| Recorded data |

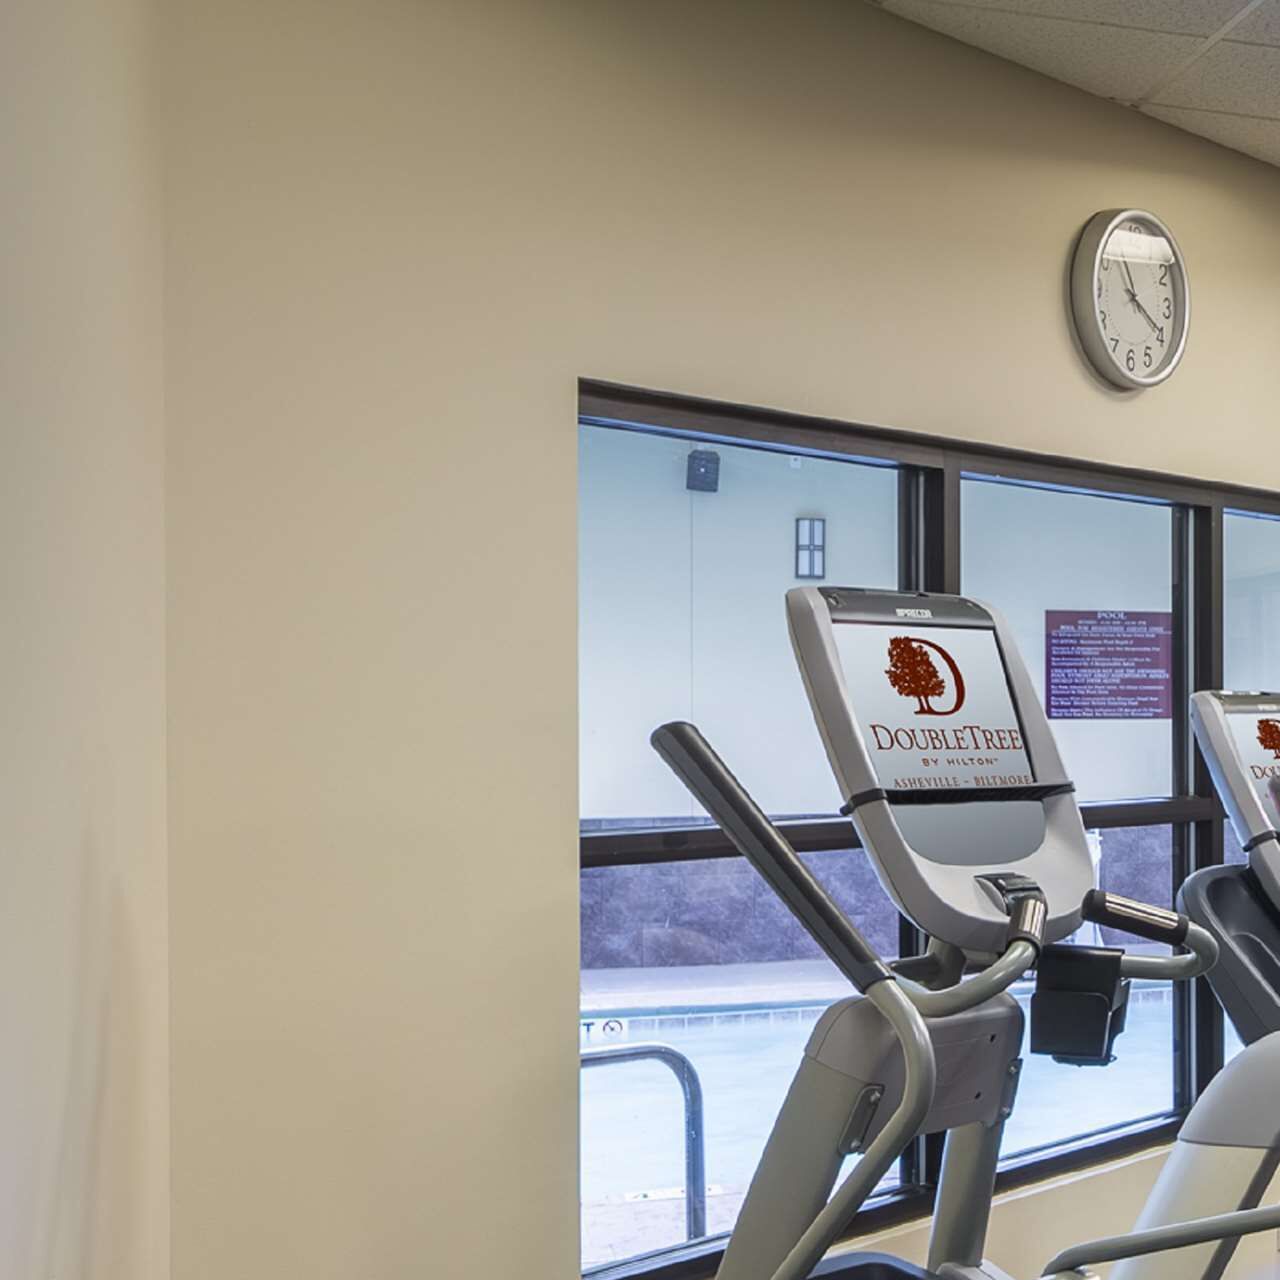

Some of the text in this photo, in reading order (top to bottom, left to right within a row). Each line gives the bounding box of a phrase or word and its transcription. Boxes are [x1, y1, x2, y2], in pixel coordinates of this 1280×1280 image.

[1158, 263, 1168, 287] 2
[1162, 297, 1172, 320] 3
[1110, 337, 1120, 353] 7
[1126, 349, 1136, 372] 6
[1143, 346, 1153, 367] 5
[922, 757, 997, 767] BY HILTON
[894, 776, 961, 789] ASHEVILLE
[974, 774, 1032, 788] BILTMORE

| What is required |
From the first record to the last, transcribe everything exactly but drop the pictures.

| Response |
Some of the text in this photo, in reading order (top to bottom, left to right within a row). Each line gives the bounding box of a phrase or word and its transcription. Boxes are [x1, y1, x2, y2], in pixel coordinates of this 1280×1280 image.

[1158, 263, 1168, 287] 2
[1162, 297, 1172, 320] 3
[1110, 337, 1120, 353] 7
[1126, 349, 1136, 372] 6
[1143, 346, 1153, 367] 5
[922, 757, 997, 767] BY HILTON
[894, 776, 961, 789] ASHEVILLE
[974, 774, 1032, 788] BILTMORE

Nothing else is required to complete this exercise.